Dr. Obi Igbokwe, Co-Founder of WellNewMe and Author of Pilot Report

75 Percent Nigerians at risk of non-communicable diseases, says Report

Emmanuel Akosile | ConsumerConnect

As the nation is currently battling to contain further spread of the novel Coronavirus (COVID-19) pandemic, three quarters of Nigerians are at the risk of contracting non-communicable diseases (NCDs), a nationwide study by WellNewMe, a health technology company, has revealed.

The study recommends that the situation needs to be addressed urgently, particularly in the present COVID-19 pandemic era, as persons with underlying conditions are most vulnerable to the deadly virus, says agency report.

Dr.
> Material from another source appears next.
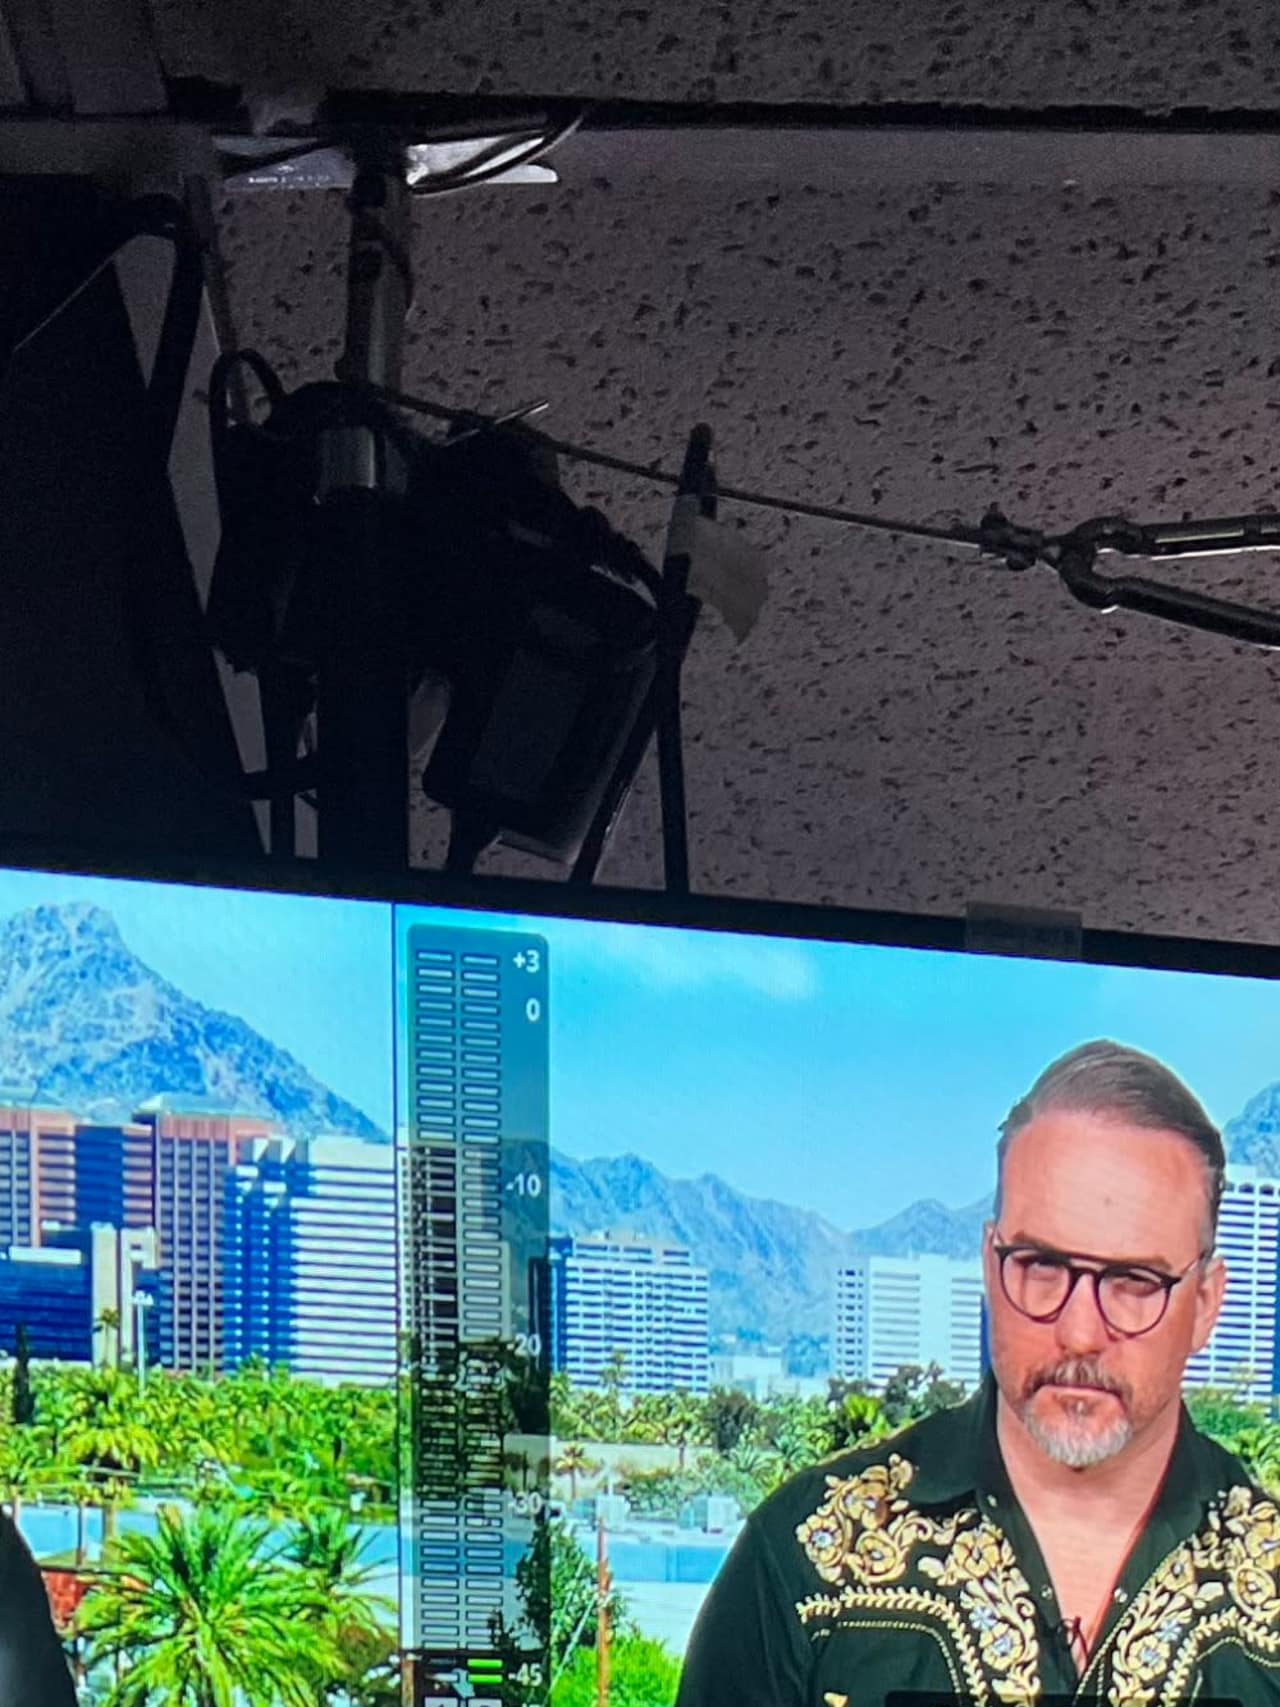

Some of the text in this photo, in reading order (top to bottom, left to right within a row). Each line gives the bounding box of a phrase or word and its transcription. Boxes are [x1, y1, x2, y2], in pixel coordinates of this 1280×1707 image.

Obi Igbokwe, Co-founder of WellNewMe and author of the pilot report, disclosed to the media Tuesday, June 30, in Lagos, that the company partnered with Novartis, a global pharmaceutical company, to run a year-long pilot to determine Nigerians’ risks for developing chronic diseases in 2019.

Igbokwe quoted the World Health Organisation (WHO), that the COVID-19 pandemic might have had significant impacts on the health of Nigerians with NCDs, such as hypertension, cardiovascular diseases, diabetes and cancer.

Recognising that NCDs, such as hypertension, are largely driven by exposure to risk factors related to human behaviour and genetics, WellNewMe has designed an algorithm-based health risk assessment platform, he stated.

The health expert said: “The platform encompasses psychological, physical and social domains, which are known to influence NCD risk and prognosis in cases of established diseases.

“It incorporates the ability of healthcare providers (HCPs) to standardise their approach to cardiovascular disease management by using an algorithmic process and harnessing relevant data to ensure a set of potential outputs, which result in better outcomes for the patient.

“The results of the pilot, which were released on June 26, revealed that a total of 1,900 people were enrolled for the pilot, while 1,269 of them completed the assessment as part of the pilot.’’

However, he observed that there is still insufficient evidence regarding the number of the population who were at risk of developing NCDs.

“Being a global leader in the cardiovascular healthcare space, Novartis is mobilising the set up of these cardiovascular risk assessment stations at various pharmacies across the country with the aim of reaching a thousand patients.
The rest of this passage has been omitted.